Went looking around for more info and landed in Dr Weils website. He claims that there is no evidence that silica improved strength of nails or hair. OMG! I knew he couldn't be trusted. Thousands of thousands have testified to silica's effectiveness in such, including myself and a number of people on this forum. I have used it successfully on a number of people and my current set of claws testify to it. They are actually better with horsetail than when I was using Biosil by Jarrow company. My nails grew with biosil but they would chip. With horsetail they are more flexible. Strength comes with flexibiltiy and that is difinately true with bones. think "brittle bones", something you do not want. I use Flora brand as recommended by my teacher. More economical and produced to the same guidelines as Alta.
The above protocol that I put together for various products includes homepathic cell salts that I think are very important, especially for older women who have lost cellular power and enzyme function. They will stimulate a multitude of biological functions and enhance all of the above. In a homeopathic study group I follow the protocol is widely respected for the cell salts even without all the rest.
I was delighted to see horsetail growing along the creek on our new property... so if it ever becomes unavailable I will have my own source.
You are right, Dr. Weil cannot be trusted.
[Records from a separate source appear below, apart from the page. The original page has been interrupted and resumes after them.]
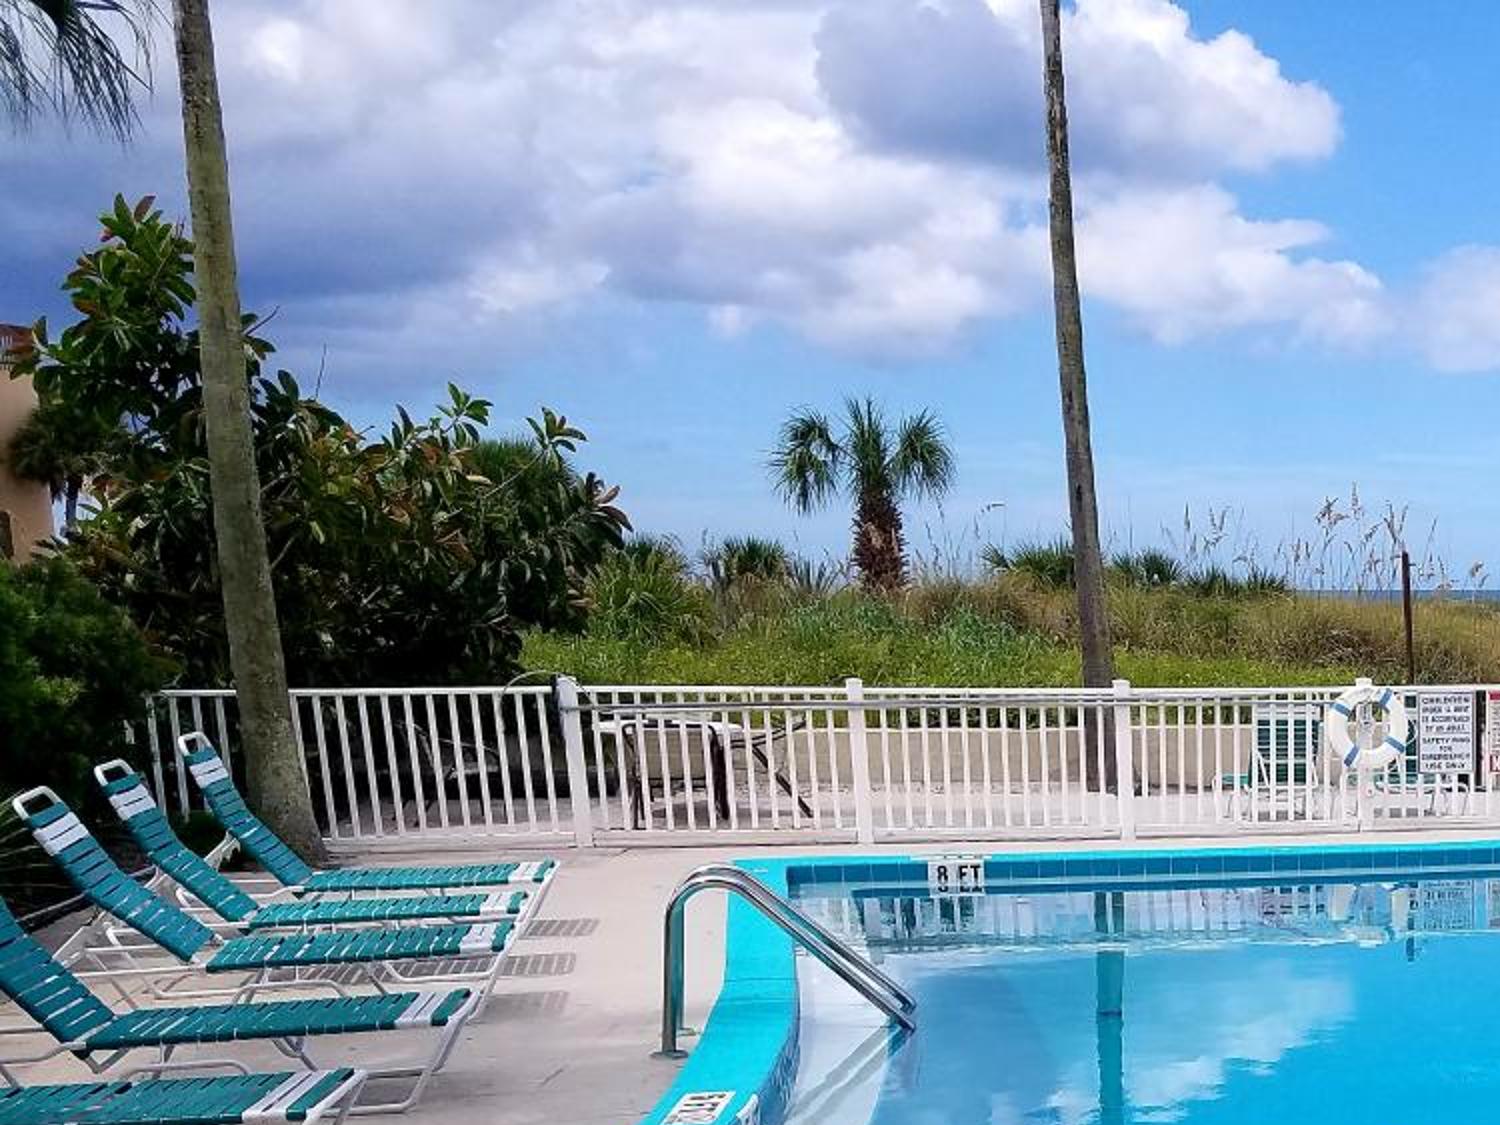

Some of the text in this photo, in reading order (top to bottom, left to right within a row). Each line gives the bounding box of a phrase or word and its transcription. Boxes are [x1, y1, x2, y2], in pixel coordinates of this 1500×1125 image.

[1421, 695, 1470, 705] CHILDREN
[1421, 737, 1451, 745] SAFETY
[1439, 745, 1452, 753] FOR
[1424, 761, 1465, 770] USE ONLY
[937, 864, 981, 884] 8 FT
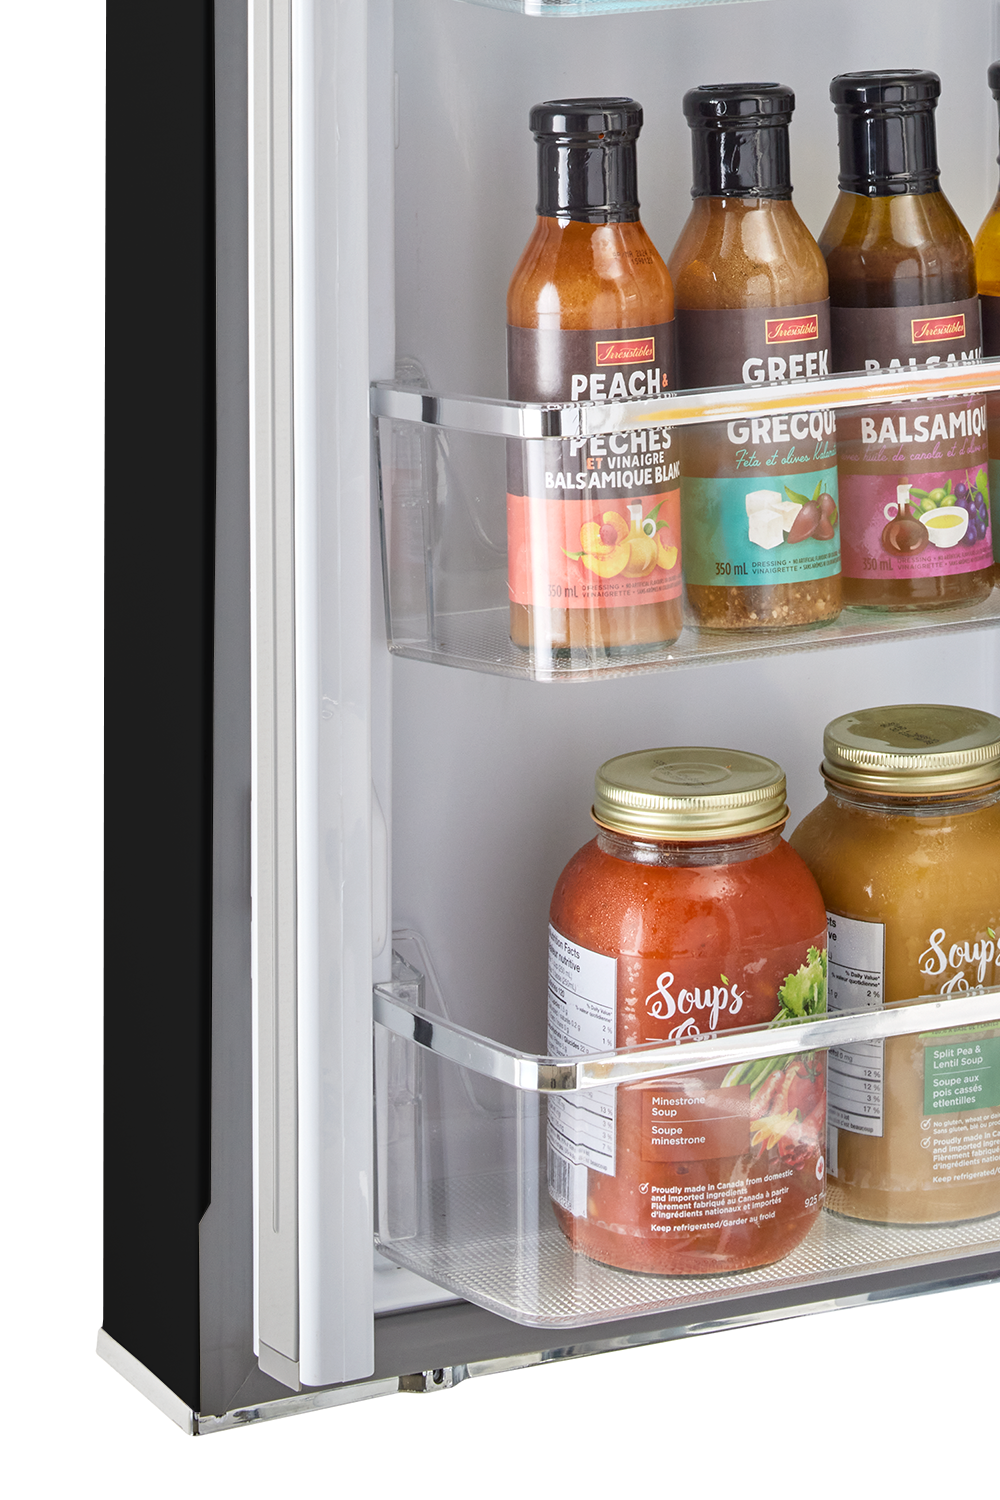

I find much of what he says incorrect and I assume he is a merchant who goes by profit line first.God made plants for humans to heal.
while there is evidence to support horsetails positive effect on hair & nails there is no credible evidence in support of osteoporosis ....altahealthproducts are selling a product so I dont consider their study seriously...I havent found any studies that proves horsetail to be beneficial for bones
by the way not all horsetails are created equal , in fact there is a weed that is very similar & is often mistaken for horsetail which is in fact poisonous...so if you proceed
do so with caution
You mentioned that you have health issues and are seeking answers.
I assume you have not found answers or you would not be here.
If you are so inclined to believe studies than perhaps Bovina is a better choice over horsetail or any of the protocol I have written. You will find very little studies done on the use of the 4,000 or more herbs available to mankind but none the less, herbs heal and can cure and have done so for thousands of years without studies but through the direct observations of healers over the ages and far more so that we are currently lead to believe. Through extensive brainwashing we doubt the history and knowledge that has evolved over eons. Our greatest weakness in the use of herbs revolves around the knowledge that we as a collective culture have forgotten. Now we distrust, consider herbs frivolous and and we, as a collective society choose to die from drug poisoning, though our ignorance, instead.
Pharmaceutical companies try to mimic but they always fail.
Alta Health Products is only one of the products I mention that have a good formulation of horsetail by the way. I do trust the integrity of my instructor has he sells no products and in fact in the total course he felt so strongly about this horesetail protocol that he presented the choice manufactures, which he had refused to do on any of the other protocols in clinical nutrition that he presented. He said the information was just too important not to be dispersed and he did feel that we, as clinical nutrition practitioners needed to know which products worked in this case since he says there is a difference in preparations.
My instructor says it works on his clients. Thats good enough for me and if I had osteoporosis the inexpensive 4 o 6 month trial is not a risky deal.
If you dig further into research you will find that silica is an important mineral in bone matrix. But then Kervran states also that there is Biochemical Transmutation going on and this process was written out in my textbook and available in his book.